WHAT IS NEEDED —
With the line containing "Some of the text" as the first and the final line of the entries as the last, repeat exactly the lines in that span, including both.

Source records

=== Begin Enclosure ===

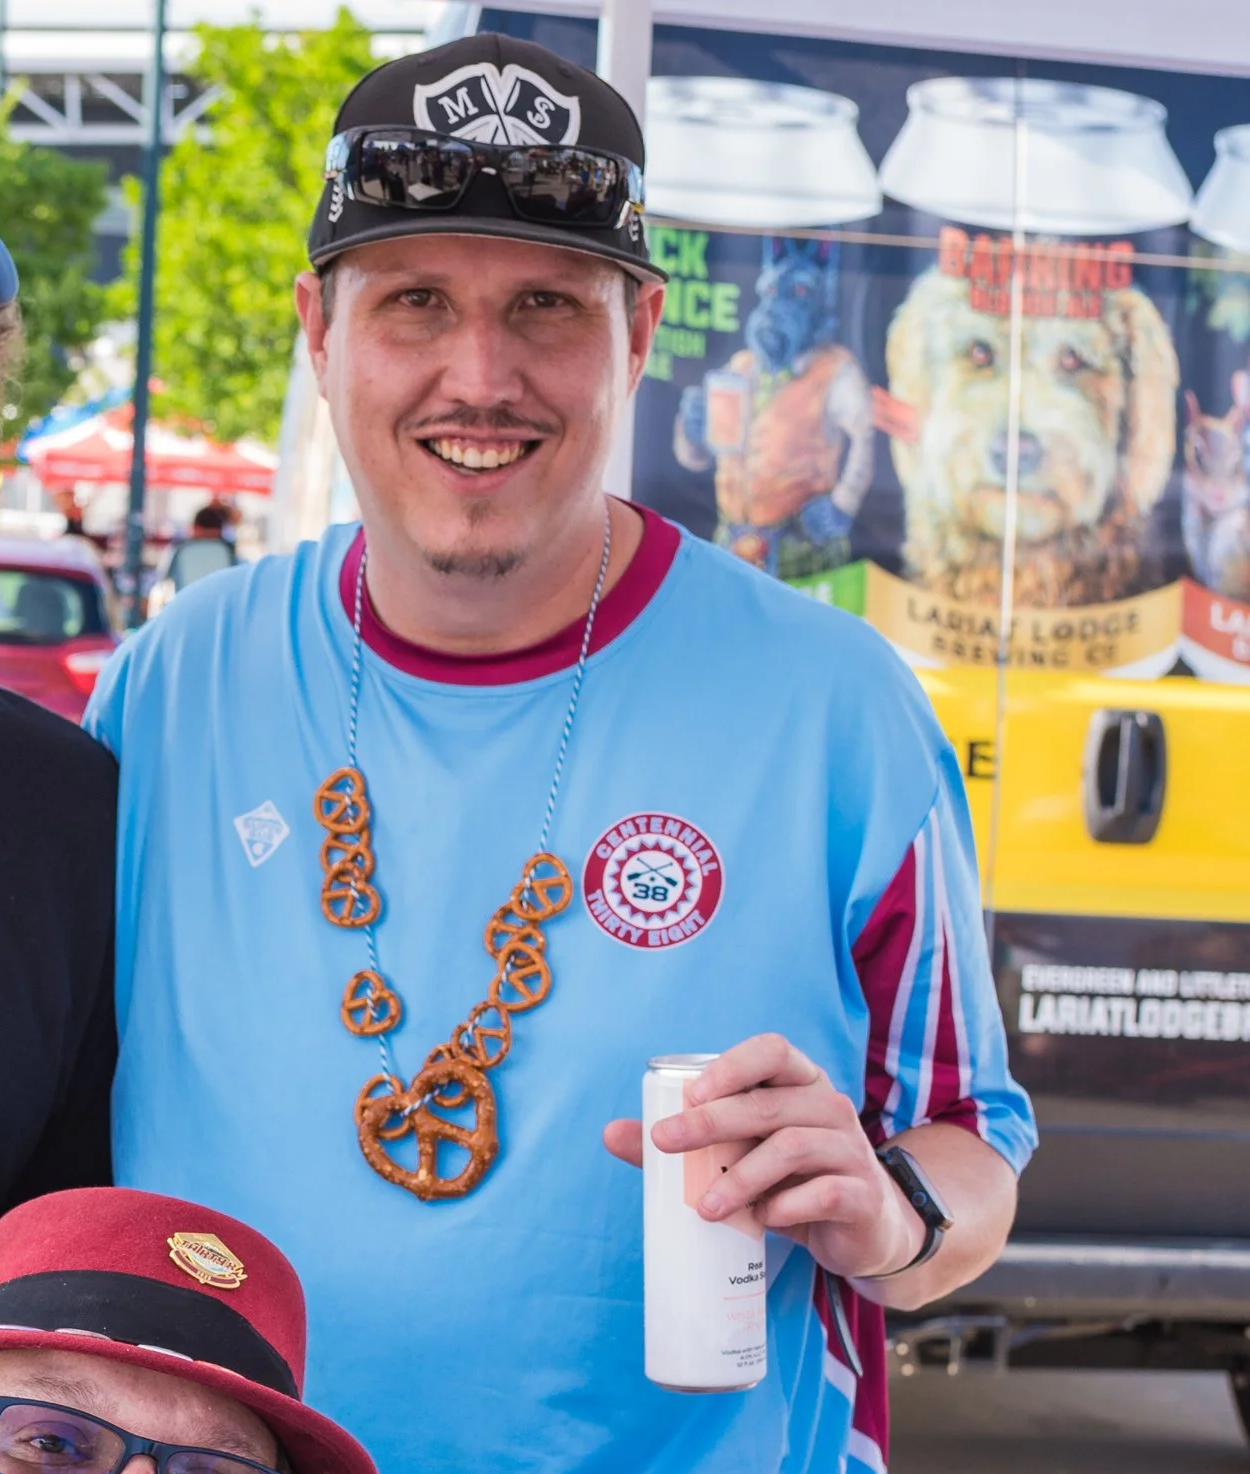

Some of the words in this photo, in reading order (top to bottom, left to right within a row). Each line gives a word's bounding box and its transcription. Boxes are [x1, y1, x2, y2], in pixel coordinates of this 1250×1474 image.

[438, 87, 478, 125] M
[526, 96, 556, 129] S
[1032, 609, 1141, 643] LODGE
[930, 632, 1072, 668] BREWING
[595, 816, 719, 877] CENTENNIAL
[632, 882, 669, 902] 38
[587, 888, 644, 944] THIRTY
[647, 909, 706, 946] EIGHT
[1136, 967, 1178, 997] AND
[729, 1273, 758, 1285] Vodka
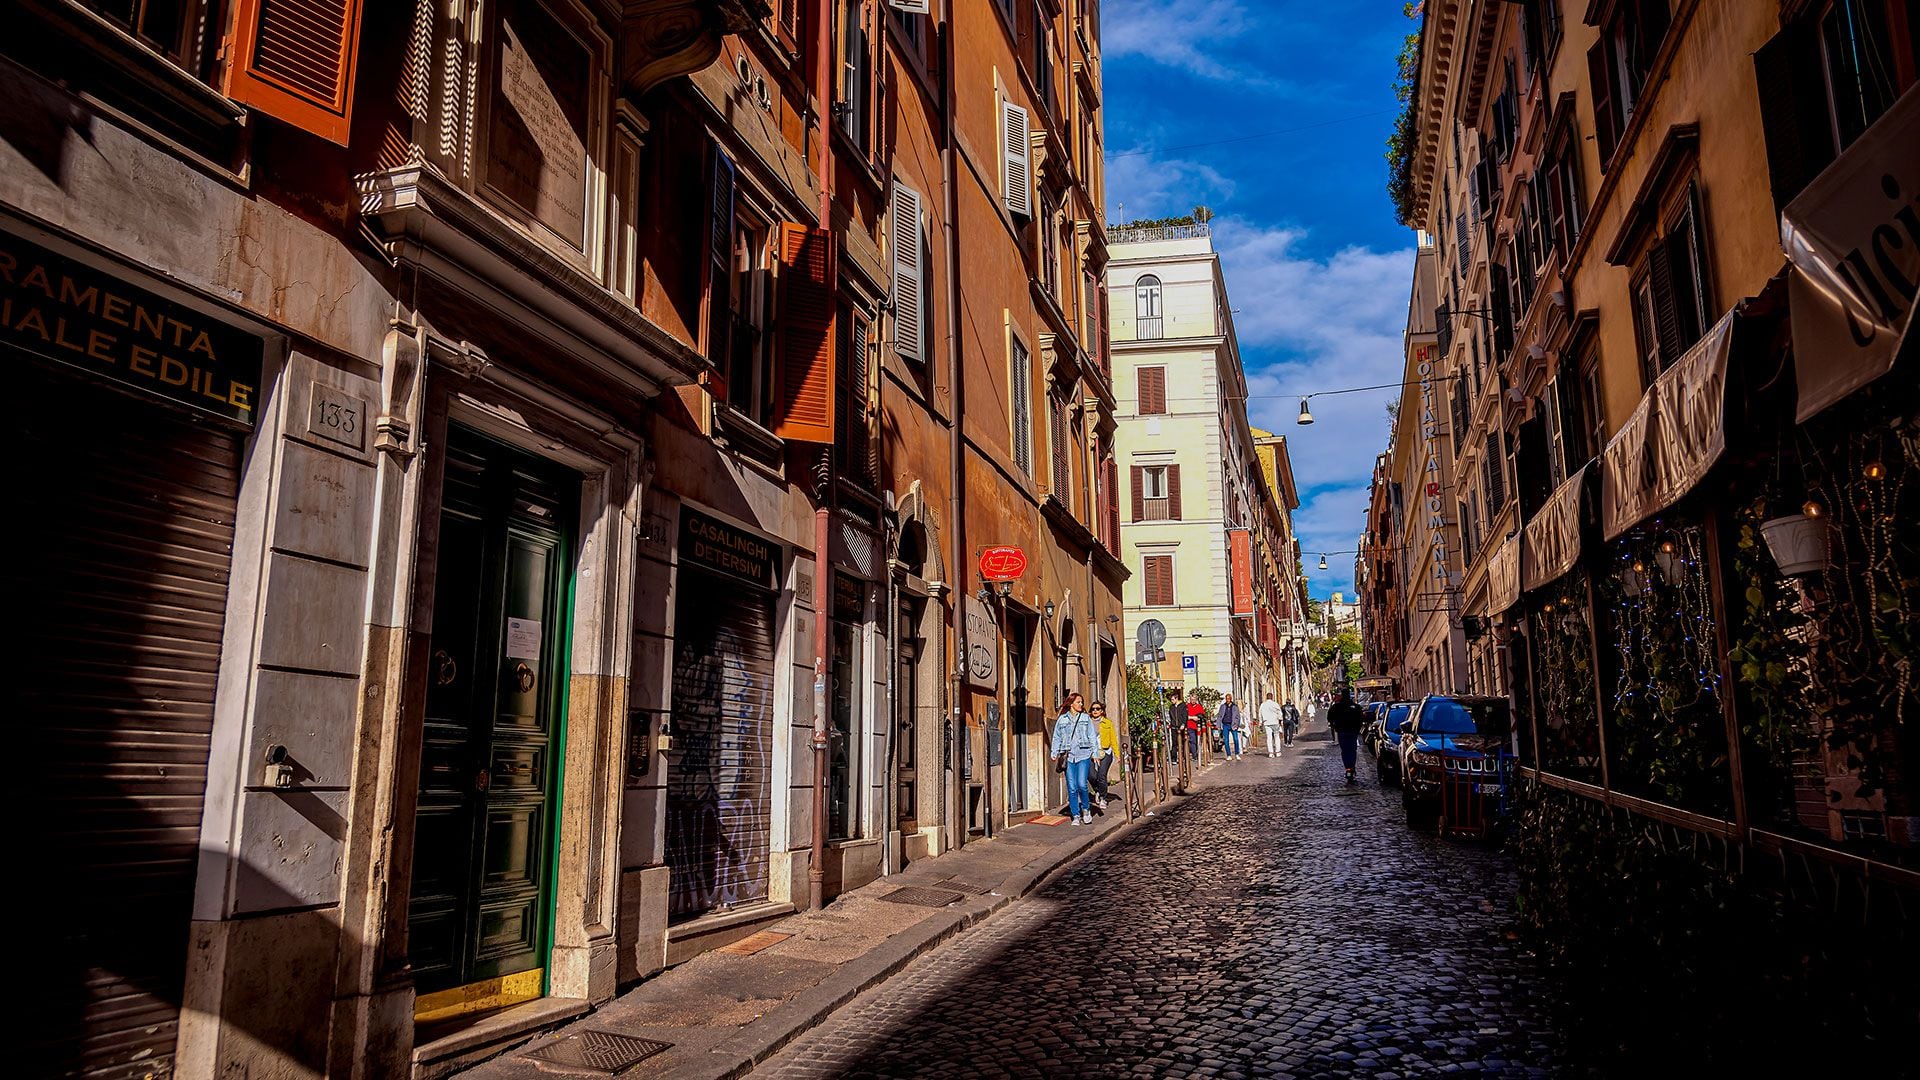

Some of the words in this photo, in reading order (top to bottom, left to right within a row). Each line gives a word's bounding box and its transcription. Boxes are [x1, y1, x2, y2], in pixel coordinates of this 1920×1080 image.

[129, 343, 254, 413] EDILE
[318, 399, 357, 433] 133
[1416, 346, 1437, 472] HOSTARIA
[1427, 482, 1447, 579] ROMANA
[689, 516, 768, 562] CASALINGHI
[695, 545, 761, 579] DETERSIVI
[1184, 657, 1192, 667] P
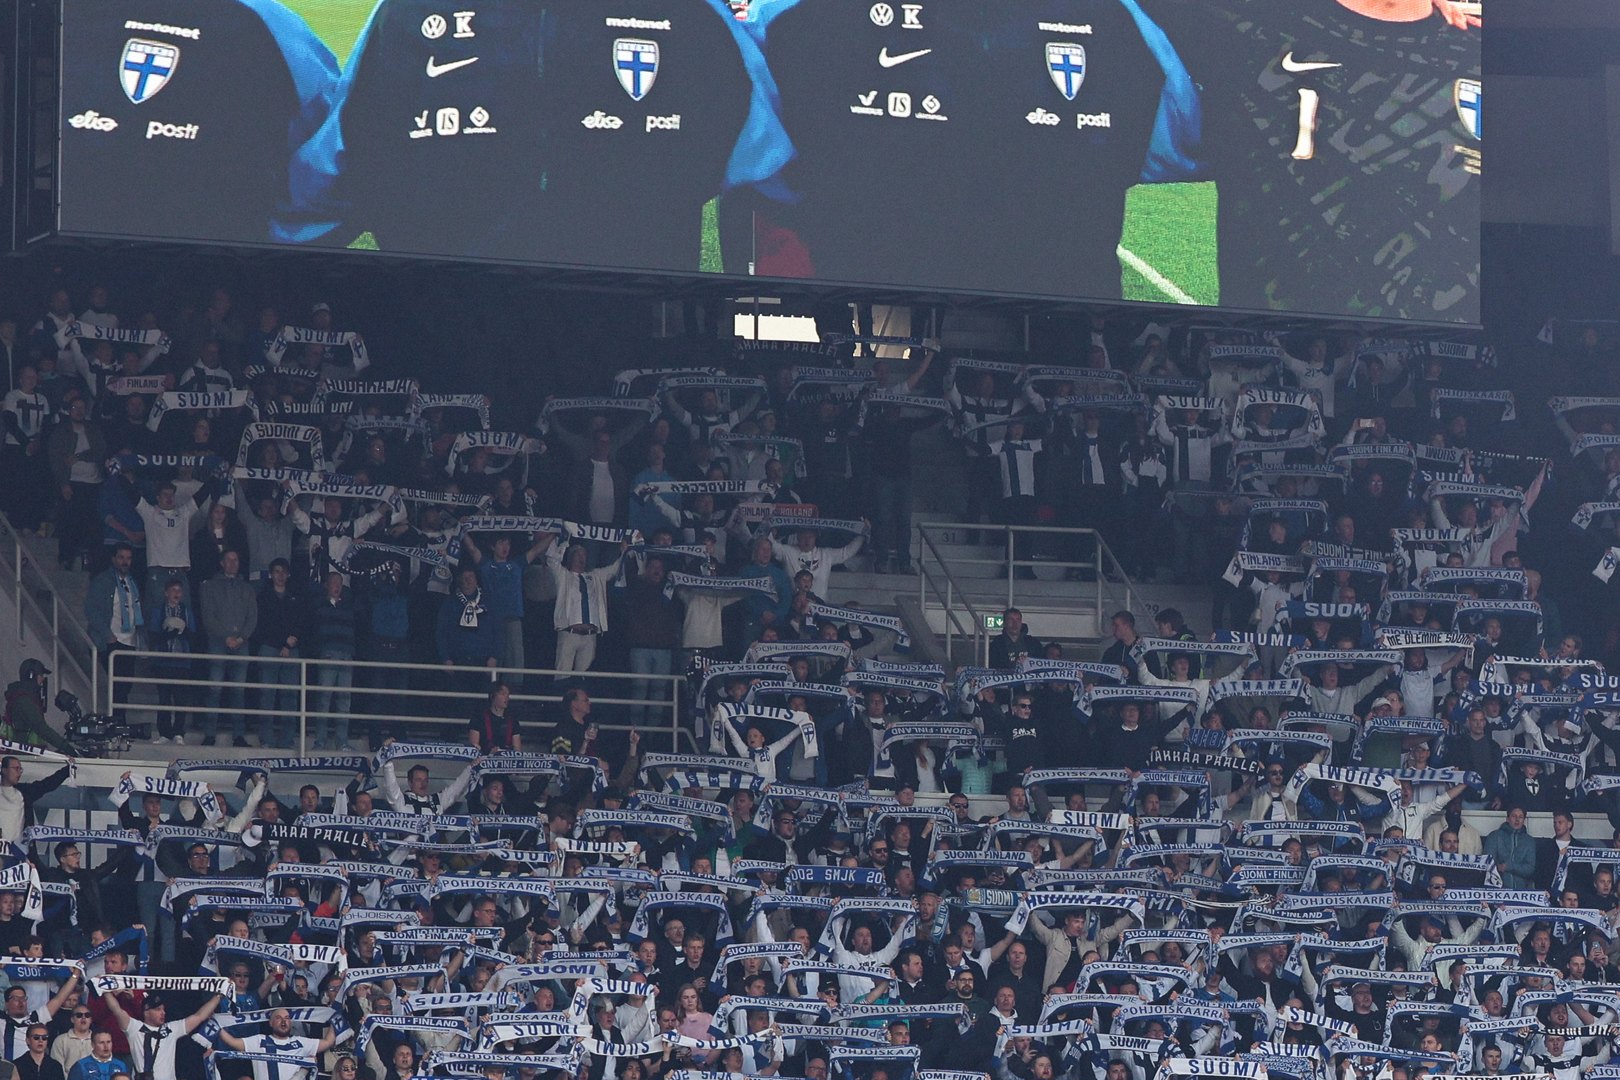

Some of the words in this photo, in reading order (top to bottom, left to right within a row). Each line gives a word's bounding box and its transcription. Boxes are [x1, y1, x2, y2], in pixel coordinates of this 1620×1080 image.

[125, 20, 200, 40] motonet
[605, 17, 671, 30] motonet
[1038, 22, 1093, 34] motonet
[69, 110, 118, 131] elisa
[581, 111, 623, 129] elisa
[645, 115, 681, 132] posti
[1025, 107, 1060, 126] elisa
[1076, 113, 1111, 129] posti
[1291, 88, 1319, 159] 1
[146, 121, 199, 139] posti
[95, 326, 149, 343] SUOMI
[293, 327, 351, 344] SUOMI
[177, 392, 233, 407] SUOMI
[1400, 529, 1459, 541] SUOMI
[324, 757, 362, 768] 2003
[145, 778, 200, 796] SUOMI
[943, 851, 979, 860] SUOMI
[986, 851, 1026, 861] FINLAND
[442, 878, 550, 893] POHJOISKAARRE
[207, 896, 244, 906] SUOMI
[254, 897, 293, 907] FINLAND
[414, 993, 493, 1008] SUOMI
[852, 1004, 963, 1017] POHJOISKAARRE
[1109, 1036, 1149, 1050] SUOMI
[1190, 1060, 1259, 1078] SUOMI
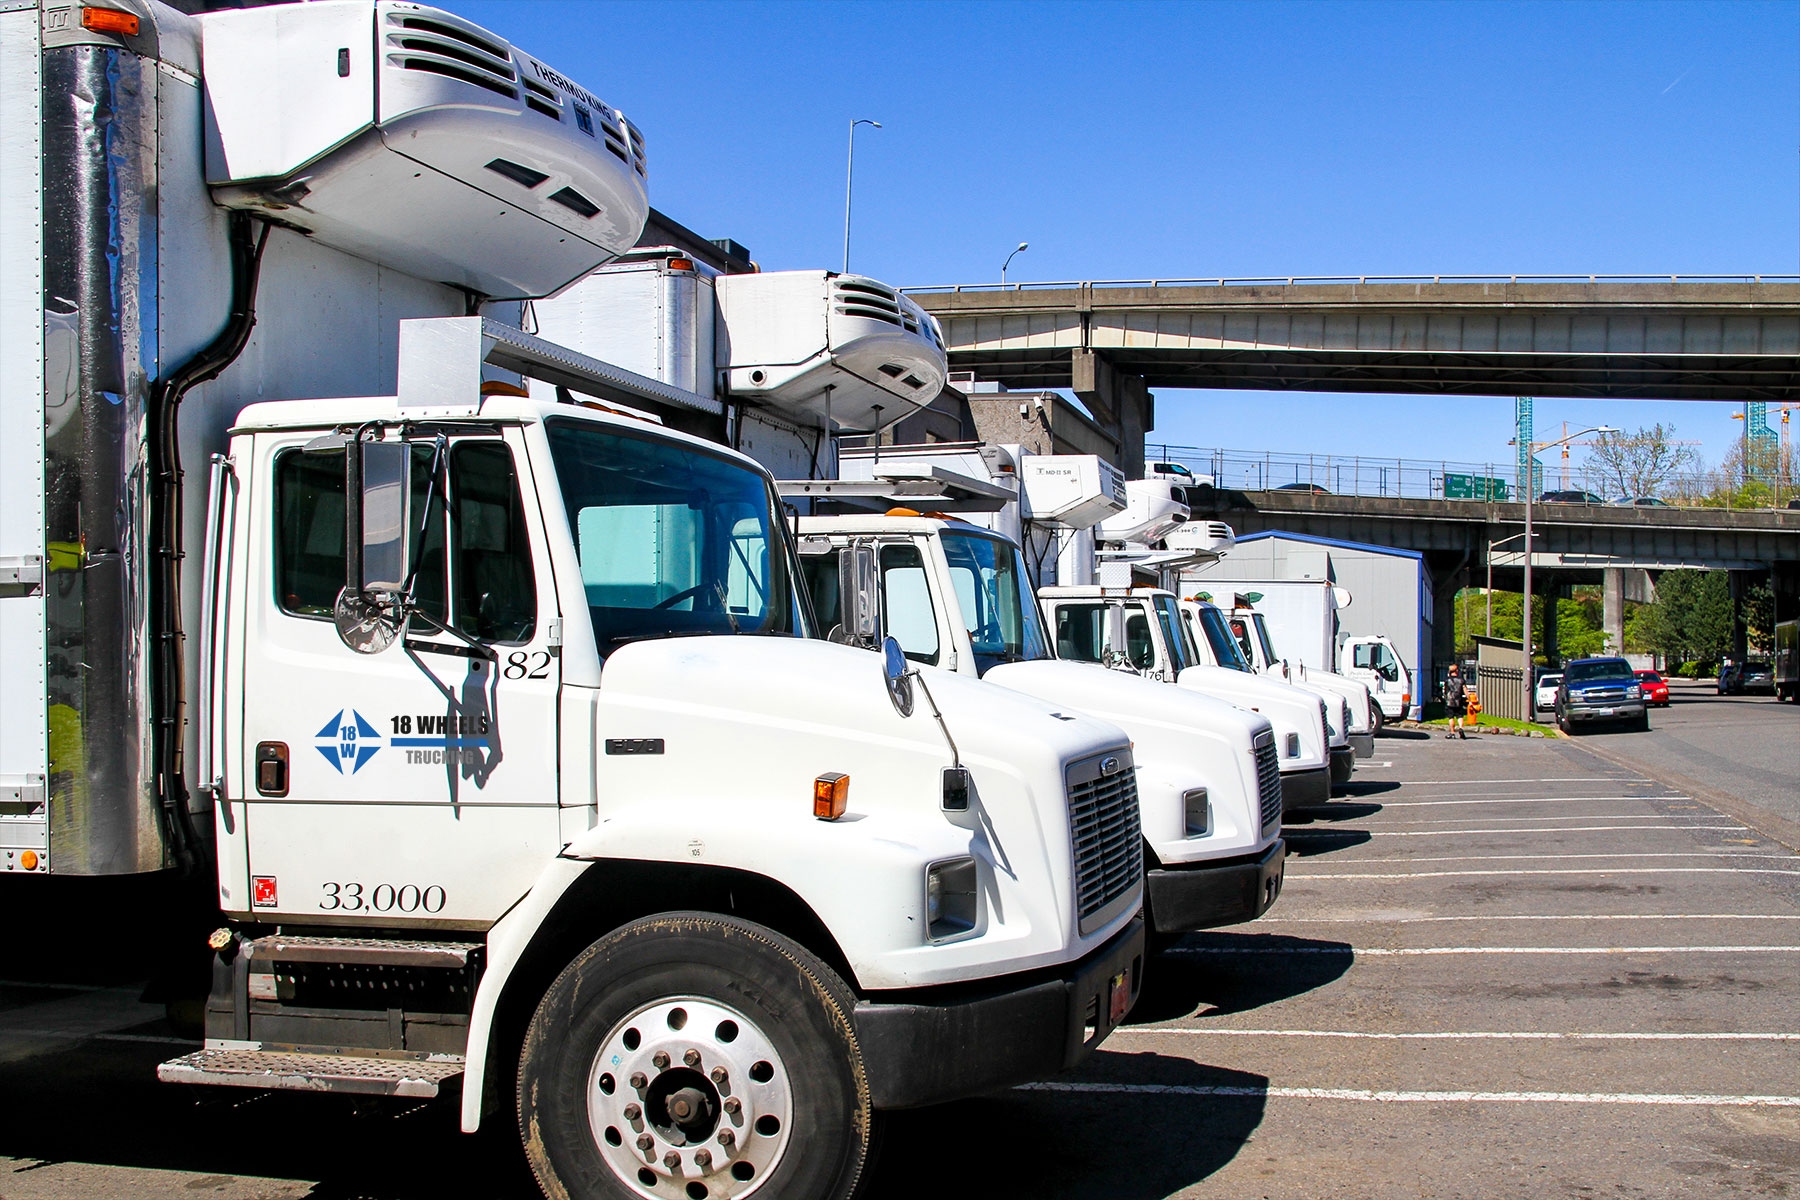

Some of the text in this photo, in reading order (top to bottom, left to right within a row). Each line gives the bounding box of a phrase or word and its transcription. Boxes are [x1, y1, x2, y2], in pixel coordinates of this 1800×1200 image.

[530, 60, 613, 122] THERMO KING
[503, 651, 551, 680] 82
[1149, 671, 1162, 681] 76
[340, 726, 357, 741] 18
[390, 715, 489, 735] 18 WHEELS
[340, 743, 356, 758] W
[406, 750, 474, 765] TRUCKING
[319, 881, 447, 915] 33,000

=== End Enclosure ===

EXERCISE RESPONSE —
Some of the text in this photo, in reading order (top to bottom, left to right within a row). Each line gives the bounding box of a phrase or word and its transcription. Boxes are [x1, y1, x2, y2], in pixel coordinates of this 1800×1200 image.

[530, 60, 613, 122] THERMO KING
[503, 651, 551, 680] 82
[1149, 671, 1162, 681] 76
[340, 726, 357, 741] 18
[390, 715, 489, 735] 18 WHEELS
[340, 743, 356, 758] W
[406, 750, 474, 765] TRUCKING
[319, 881, 447, 915] 33,000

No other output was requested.